You wanted more examples of awkward business networking moments and how to handle them, you got it!

But first, it’s important to keep a few important ideas in mind.

  • Networking is about learning from and helping others. That’s it! Don’t let anyone take you off your game.
  • For networking to take, you have to give. What can you give? Offer your interest, ideas, questions, and intention to collaborate, learn more, and possibly stay in touch. This, of course, is situational.
  • Stay focused in your communication. Be specific about what you do, your target market, centers of influence (those that can naturally refer you). Of course, ask questions about these topics when meeting others.
  • Always be polite, professional, respectful, and just roll with the unexpected. Expect the unexpected.

As I mentioned in my last post, awkward moments happen. While dining at restaurants, shopping in stores, interacting with children, and of course when meeting people at business networking events, mixers, cocktail parties, and conferences.

Here are some “more” awkward networking moments and what to do!

Something Weird Happens
You know, like an earthquake, solar eclipse, or global pandemic. I remember speaking with two young men in business suits at a conference. I was the speaker and they seemed nervous talking to me. As one spoke, a saliva bubble floated out of his mouth, and we just awkwardly stared at it as it floated by and finally collided into the other guy’s lapel. They didn’t know what to say. As soon as I laughed and said you couldn’t plan that any better, the ice was broken. Love, laugh, learn.

You’re Being Sold To
Do you own a home?” Yep, someone I met opened with that question. I said yes, but I’m not looking to do business with someone I just met right out of the gate. I would love to network with you if you’re open to comparing notes and exploring ways of helping one another? What do you think?

How to Offer Your Business Card or Contact Info
Suggest exchanging cards and explain why. Make it a mutual gesture.

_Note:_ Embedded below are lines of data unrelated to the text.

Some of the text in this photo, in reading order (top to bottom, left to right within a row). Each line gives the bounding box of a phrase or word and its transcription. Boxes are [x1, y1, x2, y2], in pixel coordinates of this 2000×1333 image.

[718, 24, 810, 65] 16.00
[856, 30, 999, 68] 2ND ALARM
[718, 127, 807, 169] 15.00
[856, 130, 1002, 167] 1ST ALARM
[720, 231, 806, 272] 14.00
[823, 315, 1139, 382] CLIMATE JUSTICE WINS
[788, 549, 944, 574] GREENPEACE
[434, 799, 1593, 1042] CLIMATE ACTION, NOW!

When to End a Conversation
I use 8-10 minutes as a mental guideline. If it feels like there’s more to discuss, great. If there is a lull in the conversation, use that as your cue.

They Seem to Do All the Talking
Often, it’s all about them. Some people are simply chattier than others. Ask questions to break the pattern and offer ways as to how you might be able to relate in your own business. Remember, we don’t click with everyone.

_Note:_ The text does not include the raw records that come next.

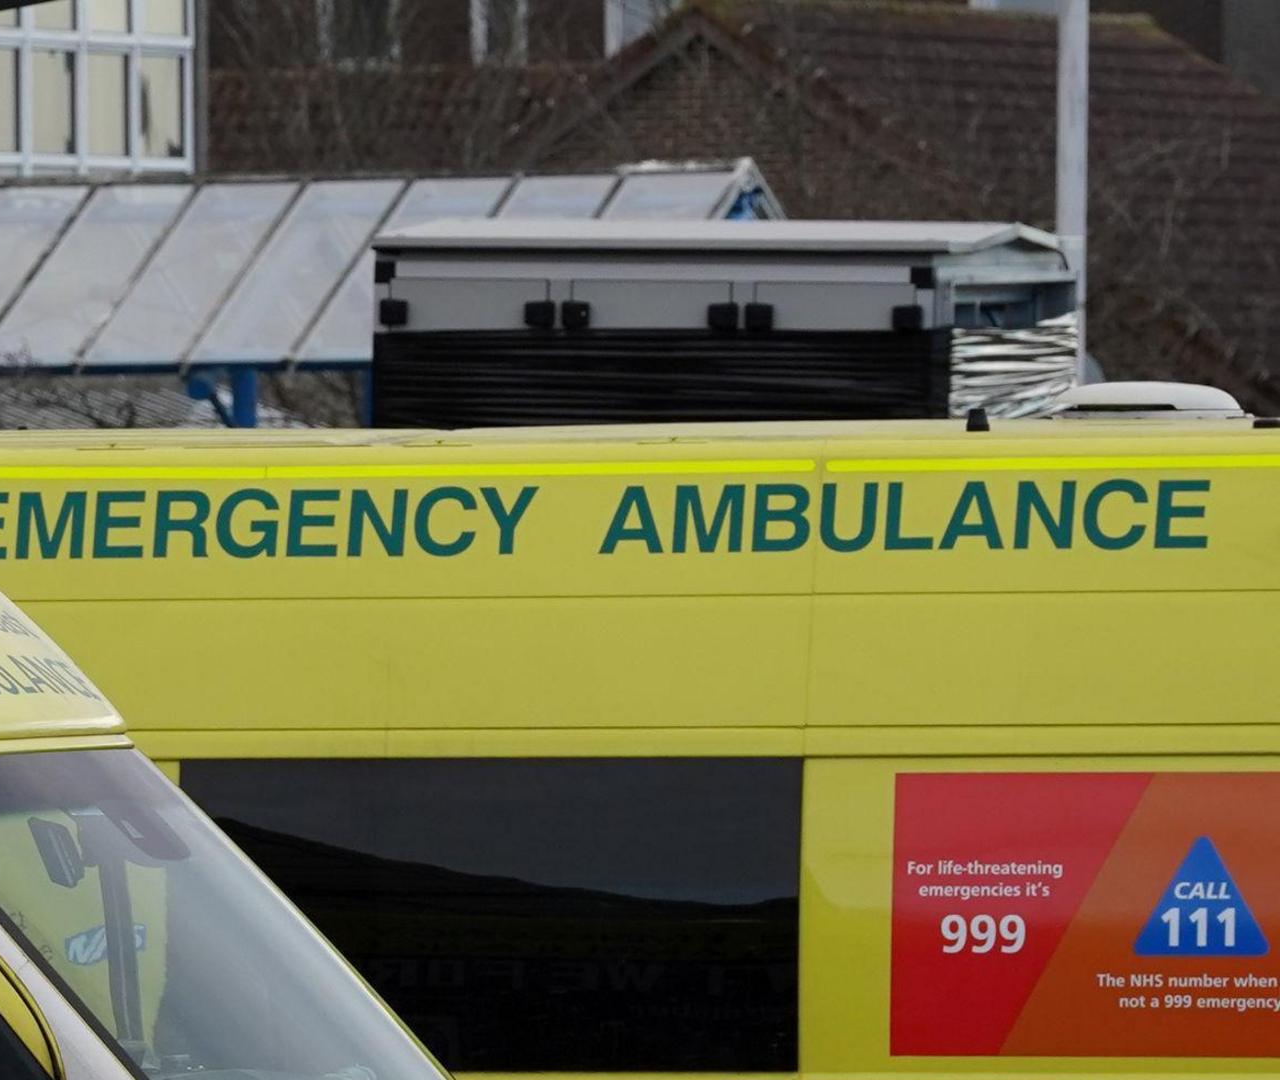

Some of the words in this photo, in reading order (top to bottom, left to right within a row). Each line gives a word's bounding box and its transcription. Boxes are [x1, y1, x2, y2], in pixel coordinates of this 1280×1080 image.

[598, 479, 1211, 554] AMBULANCE
[907, 861, 933, 875] For
[938, 860, 1063, 878] life-threatening
[918, 883, 1021, 900] emergencies
[1174, 882, 1231, 899] CALL
[940, 914, 1026, 954] 999
[1161, 907, 1236, 947] 111
[1097, 973, 1125, 988] The
[1130, 973, 1163, 988] NHS
[1168, 973, 1229, 988] number
[1233, 973, 1278, 988] when
[1119, 995, 1146, 1009] not
[1150, 997, 1159, 1009] a
[1164, 994, 1192, 1009] 999

You Get Interrupted or Intercepted by a Third Party
Jane has taken over! As that happens, politely interject, and introduce yourself. That will break the pattern and bring you into the mix.

How to End a Conversation If There’s Nothing More to Discuss
I simply say, “It’s been nice speaking with you. Should we meet some others? Why don’t you join me?” (If appropriate.)

How to End a Conversation If There IS More to Discuss
Would you be open to exchanging contact info? We can continue our conversation about…” I’ll reconnect with you tomorrow to coordinate. (Be the one to initiate the next step.)

How to End a Conversation by Introducing Someone Else
Let me introduce you to Tom. This may be a great mutual connection because…”

IMPORTANT: If you don’t wish to continue a conversation with someone, it’s always best to be upfront like I’m suggesting above. If you say you’re going to get food or use the restroom, you may have someone tag along.